Brief:
Would you return the data below exactly as it stands, with every picture left out?

Stored entries:
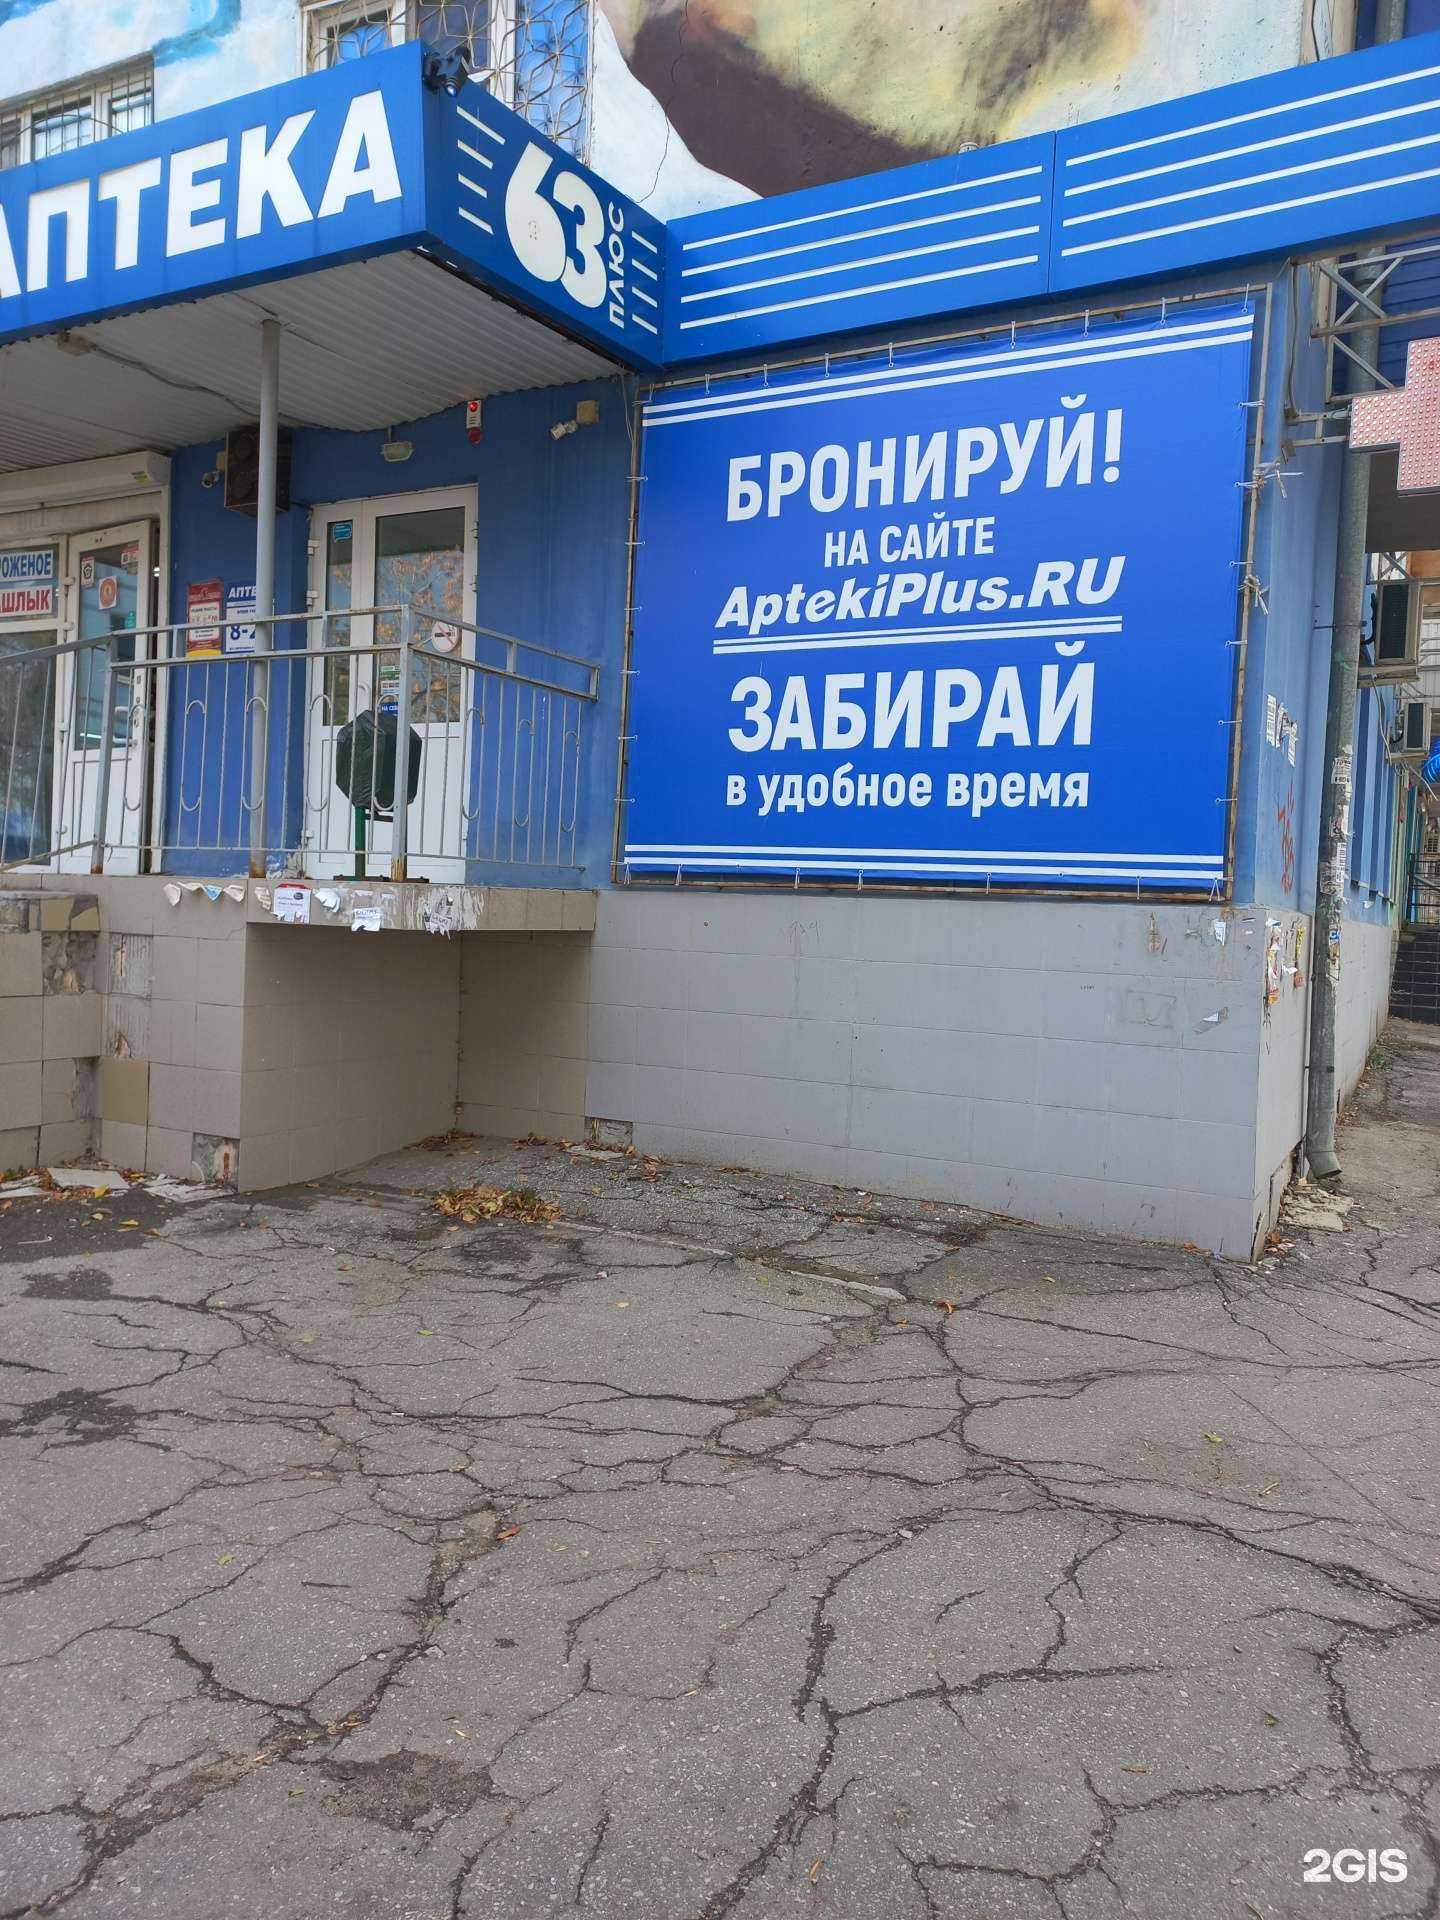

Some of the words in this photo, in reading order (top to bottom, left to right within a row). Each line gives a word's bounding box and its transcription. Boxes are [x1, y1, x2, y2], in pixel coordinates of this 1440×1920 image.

[505, 141, 607, 308] 63
[608, 201, 625, 328] ПЛЮС
[726, 393, 1123, 522] БРОНИРУЙ!
[0, 553, 52, 578] ОЖЕНОЕ
[823, 529, 869, 568] НА
[879, 511, 995, 563] САЙТЕ
[0, 590, 50, 614] ШЛЫК
[714, 555, 1127, 635] AptekiPlus.RU
[728, 640, 1095, 752] ЗАБИРАЙ
[726, 774, 747, 806] в
[757, 762, 932, 816] удобное
[946, 772, 1090, 818] время

Written response:
Some of the words in this photo, in reading order (top to bottom, left to right within a row). Each line gives a word's bounding box and its transcription. Boxes are [x1, y1, x2, y2], in pixel coordinates of this 1440×1920 image.

[505, 141, 607, 308] 63
[608, 201, 625, 328] ПЛЮС
[726, 393, 1123, 522] БРОНИРУЙ!
[0, 553, 52, 578] ОЖЕНОЕ
[823, 529, 869, 568] НА
[879, 511, 995, 563] САЙТЕ
[0, 590, 50, 614] ШЛЫК
[714, 555, 1127, 635] AptekiPlus.RU
[728, 640, 1095, 752] ЗАБИРАЙ
[726, 774, 747, 806] в
[757, 762, 932, 816] удобное
[946, 772, 1090, 818] время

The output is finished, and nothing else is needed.